Jillian Evans, head of health intelligence at NHS Grampian, said getting all four zones up and running was a welcome move.
“If you listen to the World Health Organization (WHO) when they stress the risks to human health as a result of air quality, then doing anything we can to reduce vehicle emissions and particulate matter from diesel vehicles, then that is a really welcome intervention.”
She said some people might not realise there is an air quality problem because it can be “invisible”.
She added: “Even in the short term, exposure to higher levels of poor air quality can cause things like asthma attacks, it can increase your risk of cardiovascular events – it can have an immediate impact on your health.

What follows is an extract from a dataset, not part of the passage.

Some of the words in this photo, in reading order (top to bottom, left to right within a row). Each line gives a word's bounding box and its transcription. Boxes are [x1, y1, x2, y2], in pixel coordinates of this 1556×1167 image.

“Long term – where people’s lives are actually cut short as a result of poor air quality – it is all about those long term exposures and what happens over your life as a result of you living or working in an area where air quality is poor.”

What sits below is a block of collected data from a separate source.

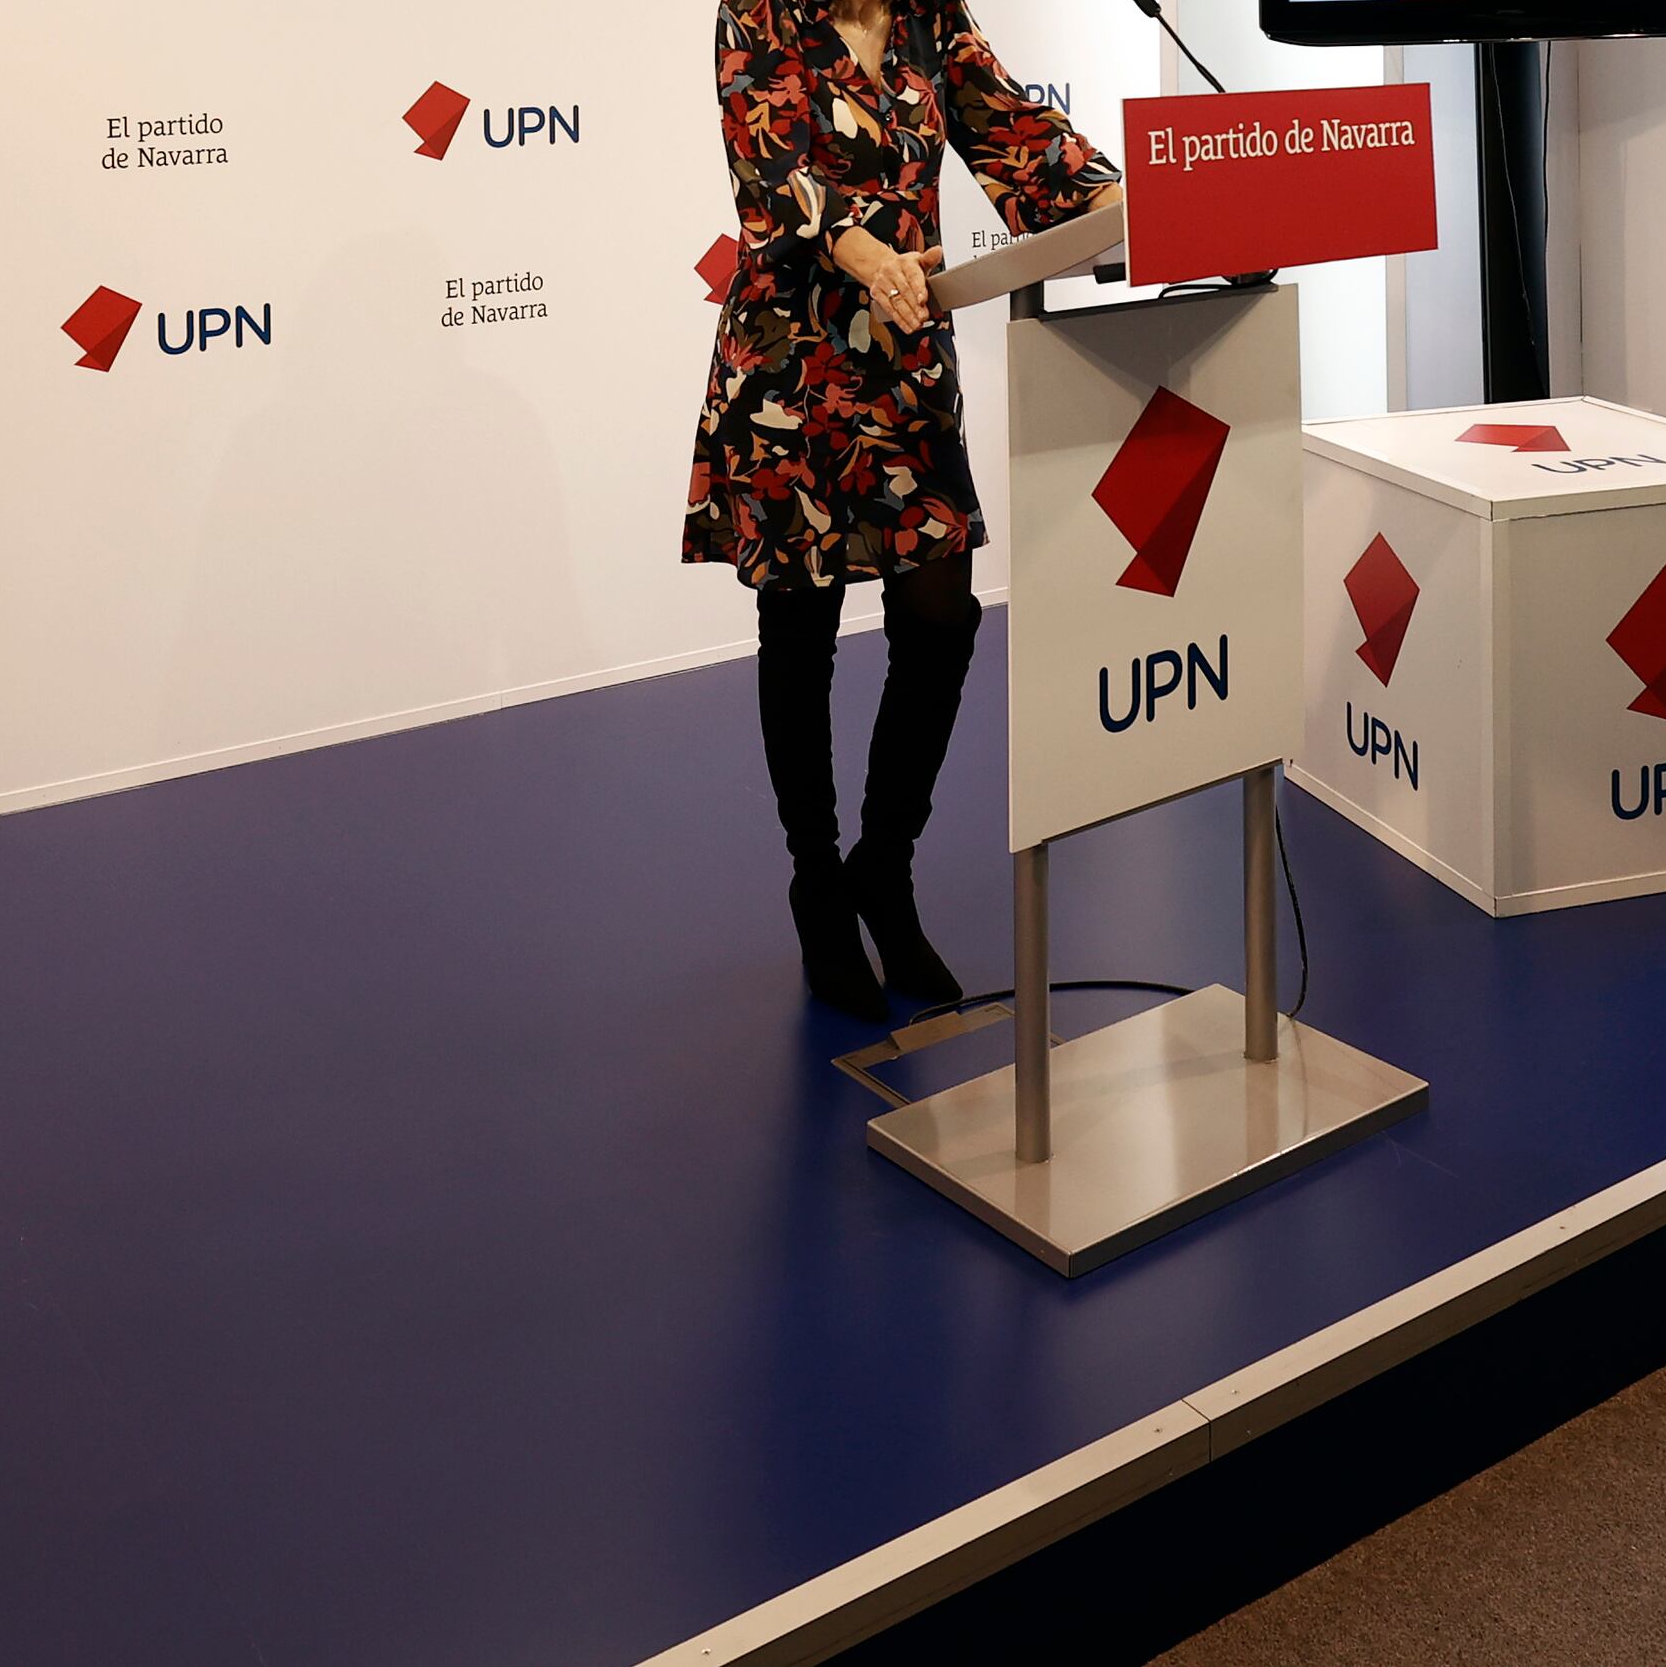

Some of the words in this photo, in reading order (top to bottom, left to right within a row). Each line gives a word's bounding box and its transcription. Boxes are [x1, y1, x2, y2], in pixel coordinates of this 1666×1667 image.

[1025, 83, 1070, 116] PN
[107, 117, 130, 138] El
[138, 113, 222, 142] partido
[484, 105, 579, 148] UPN
[102, 148, 128, 169] de
[138, 147, 228, 167] Navarra
[1148, 127, 1176, 164] El
[1182, 122, 1277, 171] partido
[1285, 120, 1313, 154] de
[1321, 119, 1415, 151] Navarra
[972, 230, 986, 248] El
[445, 278, 466, 299] El
[471, 272, 544, 301] partido
[158, 303, 271, 355] UPN
[441, 307, 464, 327] de
[471, 302, 548, 325] Navarra
[1099, 634, 1228, 733] UPN
[1347, 702, 1418, 790] UPN

The leader of City of Edinburgh Council, Cammy Day, said full enforcement of the capital’s LEZ would help the city’s wider climate change goals.
“Edinburgh made a bold ambitious target of getting to net zero by 2030 and this is one of our priorities,” he said.
“The more we can do to promote this and get people to use active travel the better.”
He said the council had invested more in cycling and walking and had also begun a consultation on further extensions to the tram system.
Glasgow’s scheme suffered some teething problems – such as some of its own council vehicles not being eligible to enter the city centre.
The city council – which administers the zone – said only about two-thirds of its own vehicles were compliant and that it had issued 62 fines to its workers for entering the zone in council vehicles.
Mr Day said Edinburgh was currently “about 97.5% compliant” and hoped for full compliance by the end of the year.
Concerns from the business community in Glasgow have been echoed in Aberdeen and Edinburgh regarding the enforcement’s impact on footfall.
Mr Day said he had not seen any sign of this happening.
The Scottish government’s transport secretary, Fiona Hyslop, said lessons had been learned.
“Glasgow going first has given us the opportunity to learn lessons.
“One of those is how we help blue badge holders and now there is a system of exemptions – there are some very practical things that have been learned from Glasgow.
“And I am delighted that we are seeing Aberdeen, Dundee and Edinburgh joining Glasgow.”
She said the LEZ scheme was widely accepted.
“It has the support, not just of the politicians in Scotland, but the public,” she said.
“The latest opinion says more than 60% of the public think this is a good thing – good for health and good for quality of life in our cities.”